Top of Input material

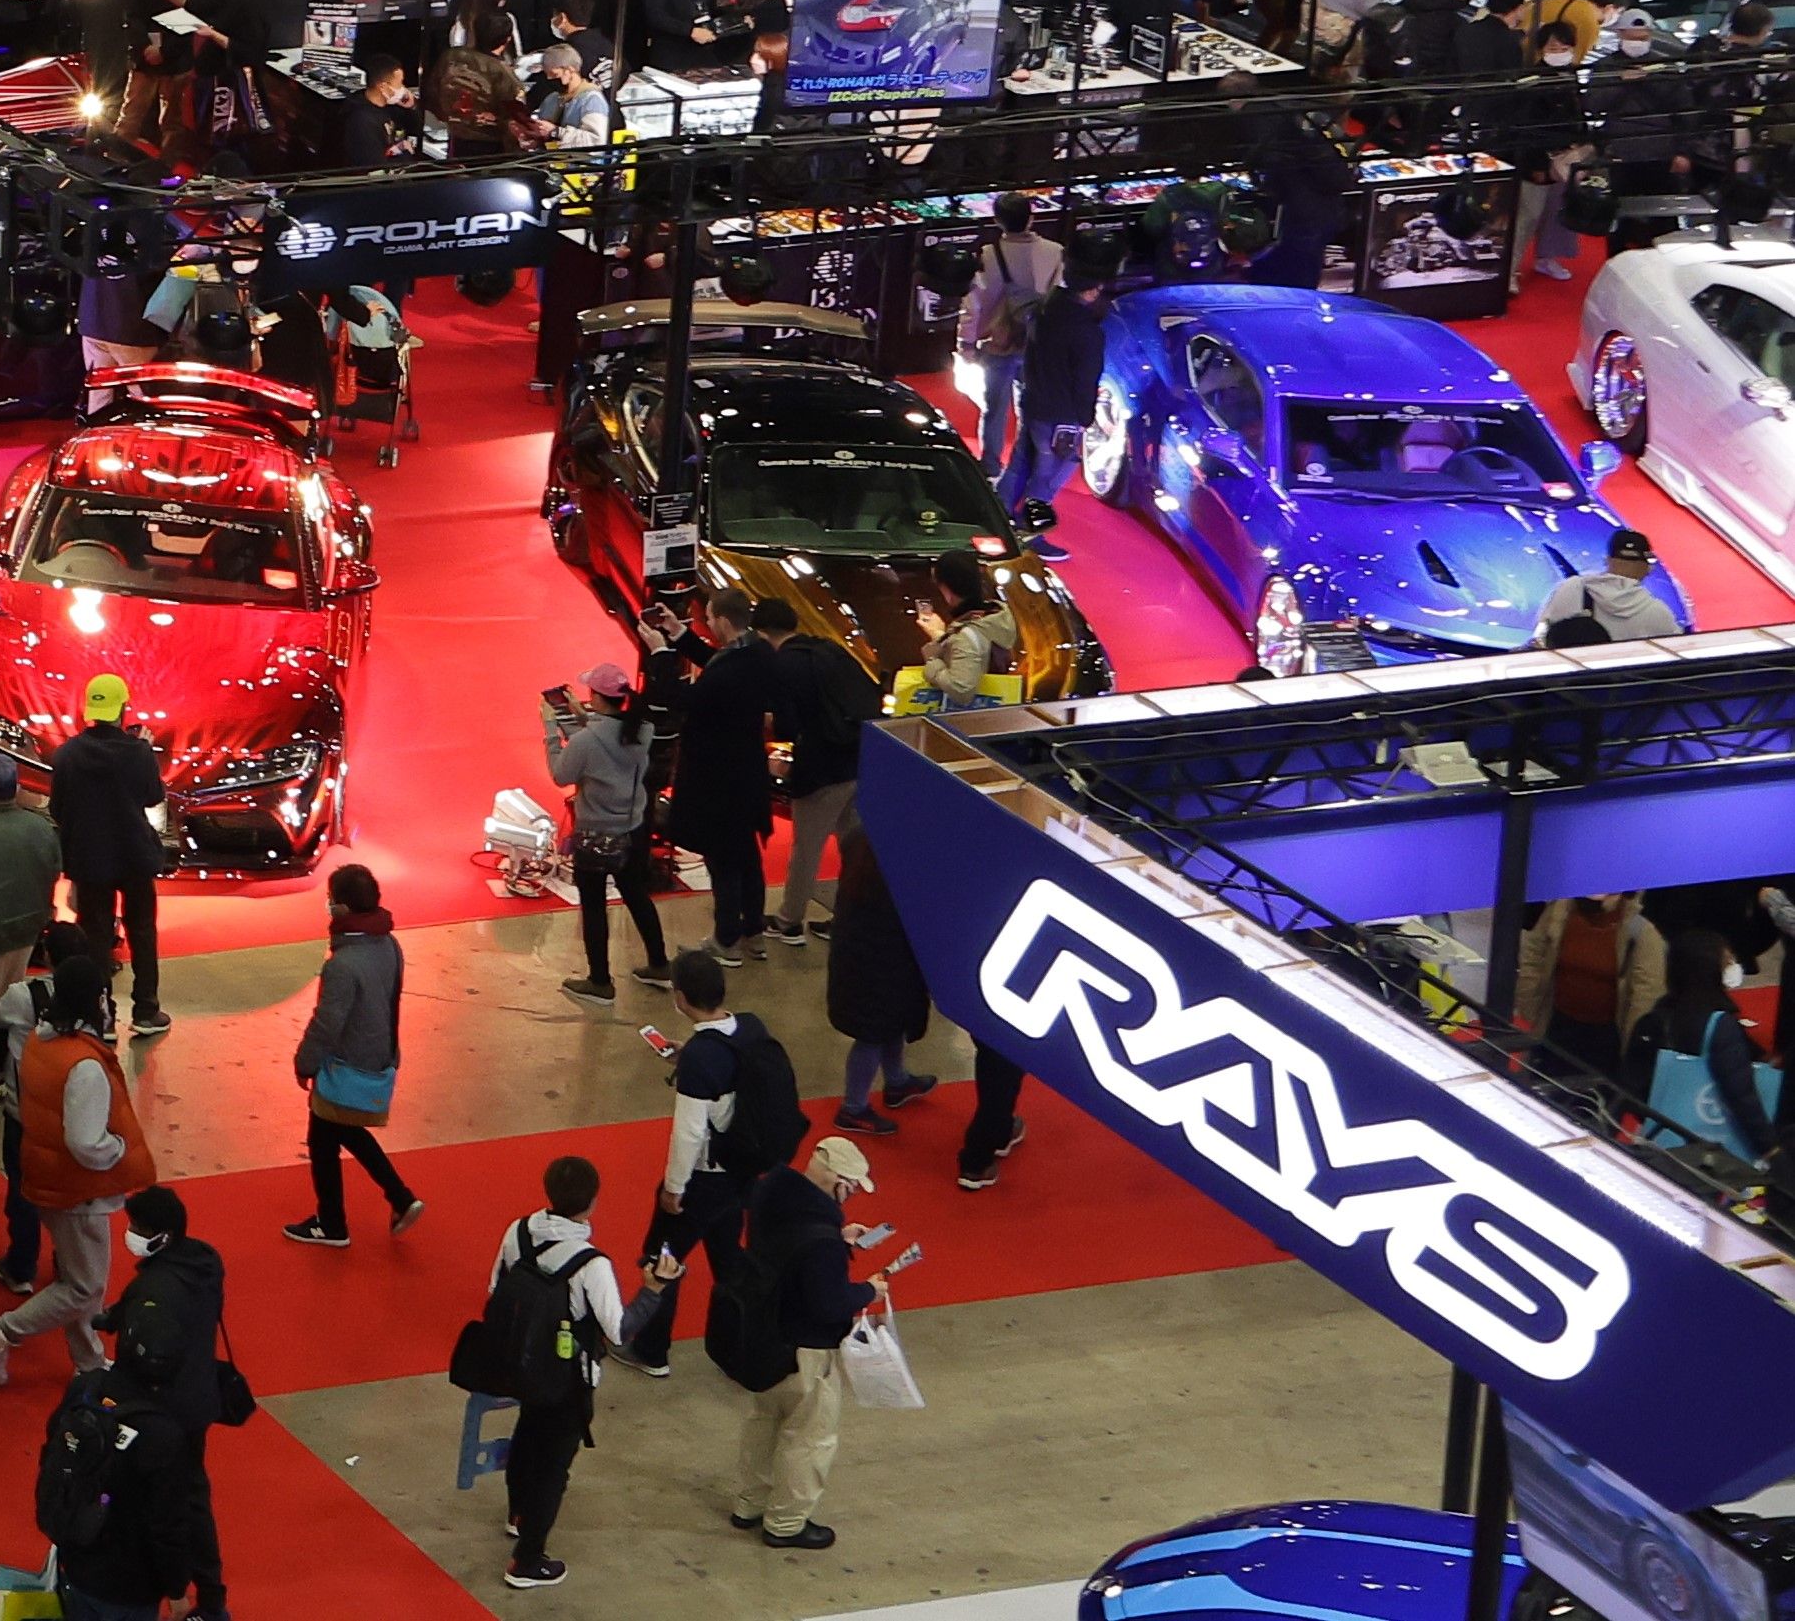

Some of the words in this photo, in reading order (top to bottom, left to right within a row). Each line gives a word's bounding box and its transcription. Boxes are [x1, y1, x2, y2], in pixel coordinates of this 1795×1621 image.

[343, 209, 551, 249] ROHAN
[383, 244, 425, 257] IZAWA
[427, 240, 457, 252] ART
[457, 234, 511, 249] DESIGN
[984, 882, 1625, 1377] RAYS
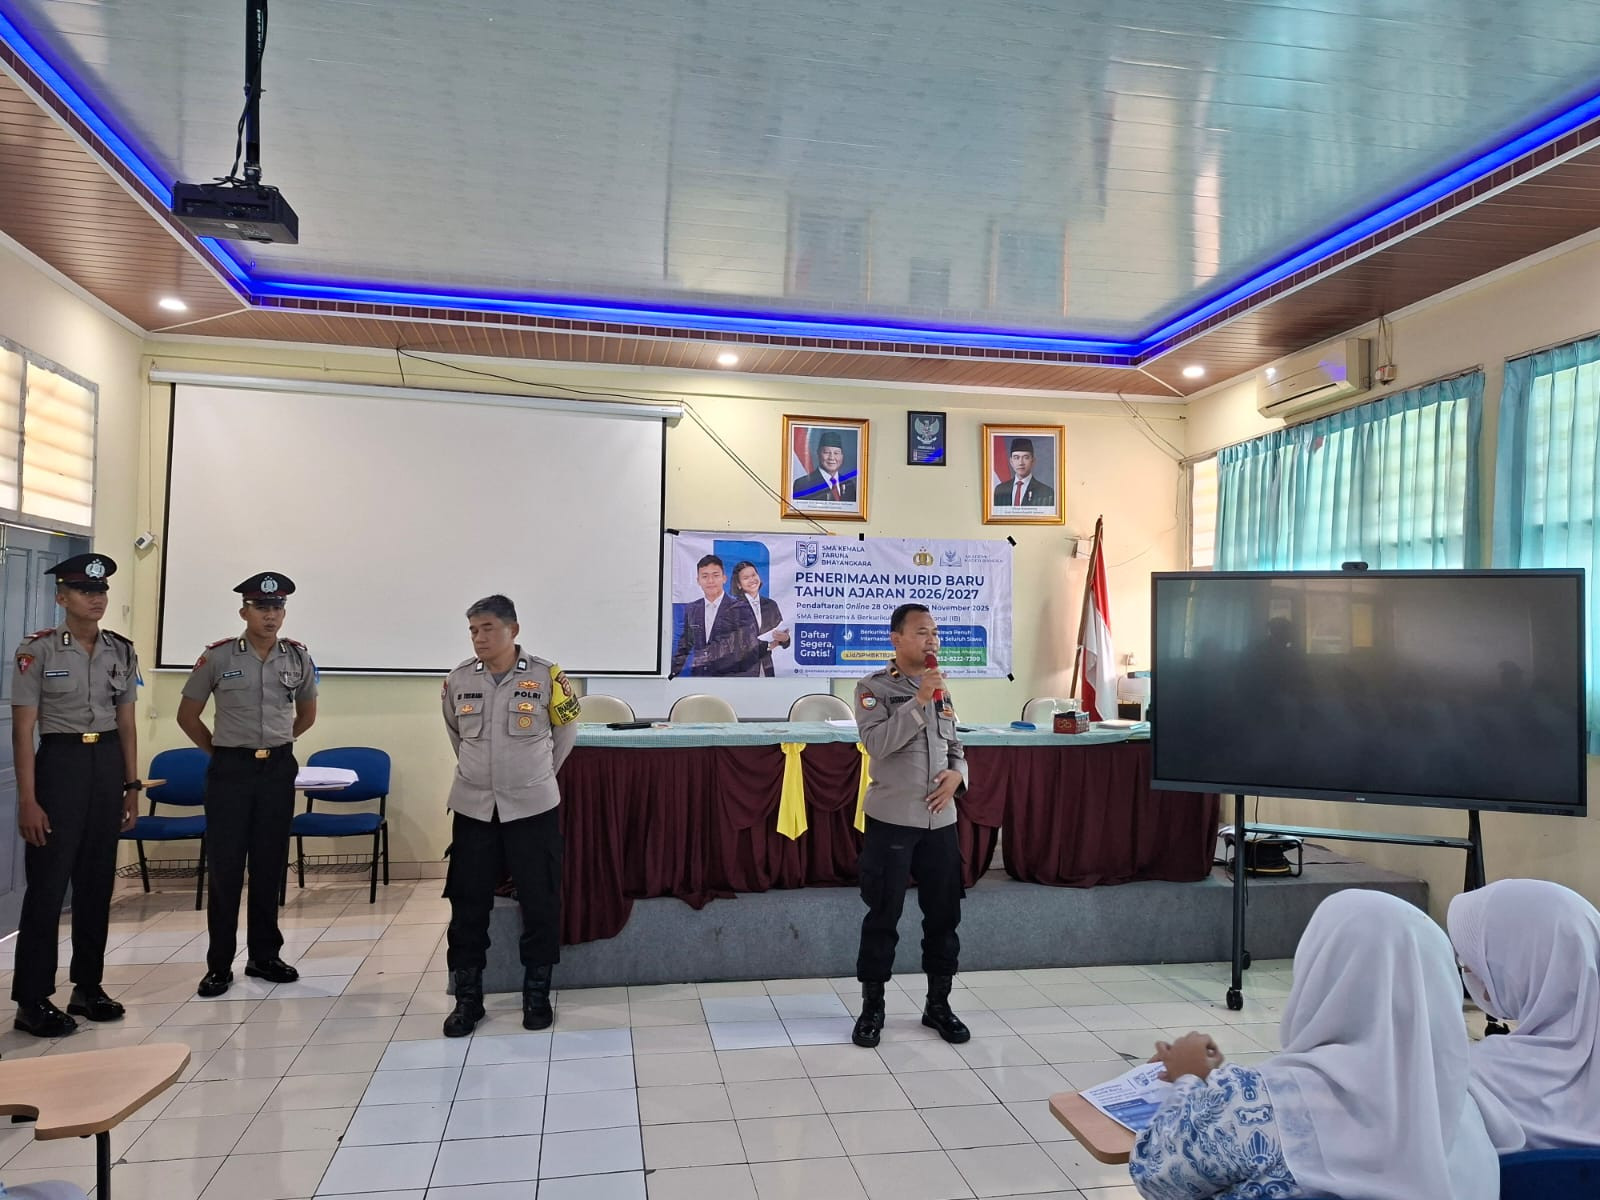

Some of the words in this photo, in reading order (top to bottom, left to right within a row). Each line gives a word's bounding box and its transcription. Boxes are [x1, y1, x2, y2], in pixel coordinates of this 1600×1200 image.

[821, 559, 872, 567] BHAYANGKARA
[795, 572, 890, 585] PENERIMAAN
[894, 574, 942, 586] MURID
[945, 575, 985, 587] BARU
[794, 586, 845, 598] TAHUN
[848, 587, 905, 599] AJARAN
[909, 587, 979, 601] 2026/2027
[796, 602, 844, 610] Pendaftaran
[846, 602, 870, 610] Online
[882, 603, 897, 611] Okt
[800, 630, 830, 639] Daftar
[800, 640, 835, 650] Segera,
[800, 649, 830, 657] Gratis!
[514, 691, 542, 699] POLRI
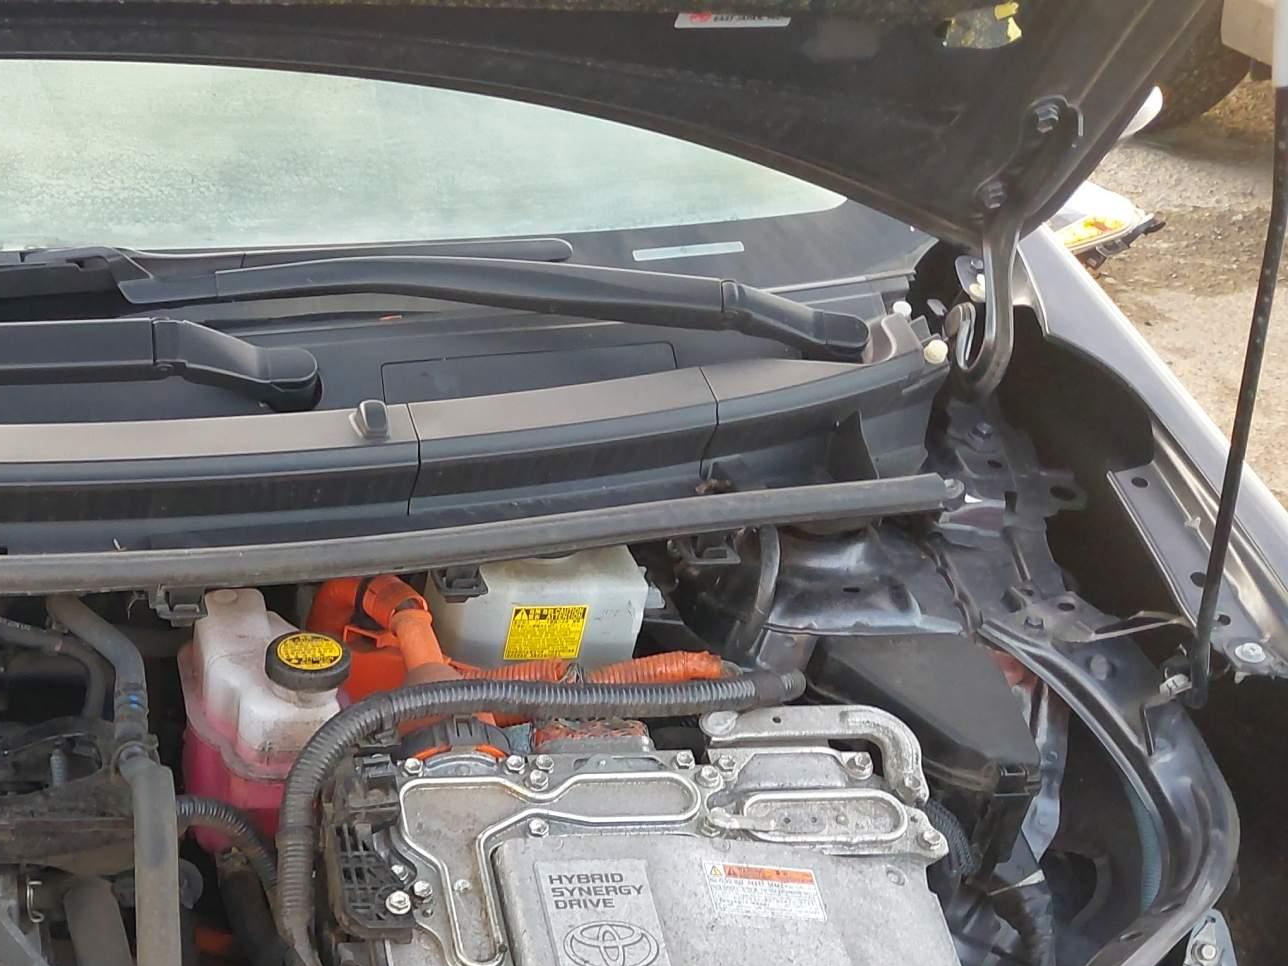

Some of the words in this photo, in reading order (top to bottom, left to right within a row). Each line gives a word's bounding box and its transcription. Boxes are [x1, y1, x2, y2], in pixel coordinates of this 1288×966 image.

Bottom of Input material

* _How to complete this task_: Verbatim copy with pictures excluded: write out the records above in full.

* _Response to the task_:
Some of the words in this photo, in reading order (top to bottom, left to right within a row). Each line gives a word's bounding box and its transcription. Boxes are [x1, y1, x2, y2], in pixel coordinates of this 1795×1621 image.

[343, 209, 551, 249] ROHAN
[383, 244, 425, 257] IZAWA
[427, 240, 457, 252] ART
[457, 234, 511, 249] DESIGN
[984, 882, 1625, 1377] RAYS

Some of the words in this photo, in reading order (top to bottom, left to right within a row). Each line gives a word's bounding box and its transcription. Boxes are [x1, y1, x2, y2], in pixel coordinates of this 1600×1200 image.

[821, 559, 872, 567] BHAYANGKARA
[795, 572, 890, 585] PENERIMAAN
[894, 574, 942, 586] MURID
[945, 575, 985, 587] BARU
[794, 586, 845, 598] TAHUN
[848, 587, 905, 599] AJARAN
[909, 587, 979, 601] 2026/2027
[796, 602, 844, 610] Pendaftaran
[846, 602, 870, 610] Online
[882, 603, 897, 611] Okt
[800, 630, 830, 639] Daftar
[800, 640, 835, 650] Segera,
[800, 649, 830, 657] Gratis!
[514, 691, 542, 699] POLRI

Some of the words in this photo, in reading order (top to bottom, left to right within a row). Each line gives a word's bounding box and its transcription. Boxes are [x1, y1, x2, y2], in pixel coordinates of this 1288×966 image.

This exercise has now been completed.